As one of the first restaurants in Niagara to qualify for the FeastON program (a program promoting local foods and restaurants using a minimum percentage of local produce), we were chosen as a site for filming and recording some of our practices. These images will be used to promote the program.

So this week we welcomed the FeastON film crew to the farm.

The FeastON film crew ready for a three hour stint at the farm
The film crews objective was to record as much of our process as possible. This started with our produce from our berries to our vegetable plots.

Chef introduces the crew to Borage
This also encompassed every step of our process for Chef's chosen signature dish.
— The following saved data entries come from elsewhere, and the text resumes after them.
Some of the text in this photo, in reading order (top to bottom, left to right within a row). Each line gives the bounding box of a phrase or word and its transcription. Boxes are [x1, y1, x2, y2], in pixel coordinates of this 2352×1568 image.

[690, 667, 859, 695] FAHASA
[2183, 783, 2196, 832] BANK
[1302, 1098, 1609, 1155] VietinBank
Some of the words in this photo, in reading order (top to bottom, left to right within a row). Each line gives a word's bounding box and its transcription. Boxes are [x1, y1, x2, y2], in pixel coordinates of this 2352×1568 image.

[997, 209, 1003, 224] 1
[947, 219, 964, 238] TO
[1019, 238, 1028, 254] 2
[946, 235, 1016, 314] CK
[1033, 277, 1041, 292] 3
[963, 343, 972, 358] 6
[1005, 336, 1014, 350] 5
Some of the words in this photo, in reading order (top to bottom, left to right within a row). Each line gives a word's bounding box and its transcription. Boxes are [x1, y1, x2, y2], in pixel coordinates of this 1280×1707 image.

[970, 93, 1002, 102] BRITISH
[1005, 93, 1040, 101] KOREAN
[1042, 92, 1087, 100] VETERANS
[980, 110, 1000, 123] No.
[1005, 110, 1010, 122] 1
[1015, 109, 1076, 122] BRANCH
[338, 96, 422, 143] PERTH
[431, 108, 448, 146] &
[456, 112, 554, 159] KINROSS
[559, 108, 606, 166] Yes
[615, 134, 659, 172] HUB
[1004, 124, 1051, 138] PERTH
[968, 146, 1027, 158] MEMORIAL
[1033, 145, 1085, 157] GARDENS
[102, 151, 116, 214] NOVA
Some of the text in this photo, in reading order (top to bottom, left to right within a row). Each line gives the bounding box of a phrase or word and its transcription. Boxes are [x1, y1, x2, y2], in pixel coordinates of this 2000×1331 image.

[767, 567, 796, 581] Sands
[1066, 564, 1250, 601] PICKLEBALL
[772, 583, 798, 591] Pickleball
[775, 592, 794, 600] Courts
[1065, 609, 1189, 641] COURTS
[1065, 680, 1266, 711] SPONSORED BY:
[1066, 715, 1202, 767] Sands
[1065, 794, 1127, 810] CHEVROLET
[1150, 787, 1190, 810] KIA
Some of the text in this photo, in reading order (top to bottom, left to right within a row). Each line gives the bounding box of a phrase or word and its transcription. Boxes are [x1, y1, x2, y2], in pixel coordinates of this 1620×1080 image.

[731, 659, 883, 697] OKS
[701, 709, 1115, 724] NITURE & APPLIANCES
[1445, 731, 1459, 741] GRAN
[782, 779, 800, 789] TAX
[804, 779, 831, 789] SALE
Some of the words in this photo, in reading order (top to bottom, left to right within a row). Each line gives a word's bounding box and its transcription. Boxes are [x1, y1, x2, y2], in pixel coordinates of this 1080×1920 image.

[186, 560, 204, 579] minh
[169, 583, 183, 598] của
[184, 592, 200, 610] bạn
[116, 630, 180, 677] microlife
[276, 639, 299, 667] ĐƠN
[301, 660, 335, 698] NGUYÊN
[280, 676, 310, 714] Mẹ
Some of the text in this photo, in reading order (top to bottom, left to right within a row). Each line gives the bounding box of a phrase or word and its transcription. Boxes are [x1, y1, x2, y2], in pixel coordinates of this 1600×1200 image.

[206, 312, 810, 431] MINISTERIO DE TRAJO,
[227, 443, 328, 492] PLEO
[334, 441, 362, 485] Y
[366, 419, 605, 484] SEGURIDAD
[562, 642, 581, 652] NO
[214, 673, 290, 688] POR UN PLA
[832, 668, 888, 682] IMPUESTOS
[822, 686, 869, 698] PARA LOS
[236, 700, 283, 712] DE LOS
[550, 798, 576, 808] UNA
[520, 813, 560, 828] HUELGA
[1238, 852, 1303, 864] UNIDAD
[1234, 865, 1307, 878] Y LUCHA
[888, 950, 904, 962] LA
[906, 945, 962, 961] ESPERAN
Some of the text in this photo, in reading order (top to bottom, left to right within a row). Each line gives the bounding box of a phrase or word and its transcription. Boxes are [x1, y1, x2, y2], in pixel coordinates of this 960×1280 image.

Chef preparing the Raviolini
We hope this will not only help promote the FeastON program but as well promote the farm and our unique approach to the farm to table Tea Room concept. Certainly we will now have access to some professionally created photos and videos for our own marketing efforts.

Aside from Borage, our vegetable garden has generated some other successes but as well some serious disappointments (the Tomatoes in particular).

On the positive side, our Citron melons, Fennel and all of our herbs are doing extremely well (many of the latter are flowering and seeding already).

Among the weeds, the Fennel still thrives

Our Three Sisters bed is also lush with ears of heirloom corn already clearly visible.


Heirloom corn in the Three Sisters bed
The Squash and Beans are also well developed.

Squash acting as ground cover in the Three Sisters bed.
Even our Carrots and Beets are showing promise. Unlike the previous year, the beets have not (yet) been munched on by deer.

This year, our two varieties of heirloom Beet are evolving without being harmed by wildlife
Finally this week, we have a short update on the Growing Dome. Although we have not yet re-introduced fish to our Aquaponics set-up, we are really pleased with the progress of some of our experiments.

The monster Cucumber generated using the Kratky hydroponic method is quickly taking over the center of the dome.

The Growing Dome's monster Cucumber vine
Although early on we had written them off for dead, our Aquaponic tomatoes are now well ahead of those planted in our raised beds.

Our Growing Dome Tomatoes are almost ready to flower.
We'll close this week with our Concord grapes. This year was our first attempt to prune the vines we discovered last year. The results are literally bearing fruit.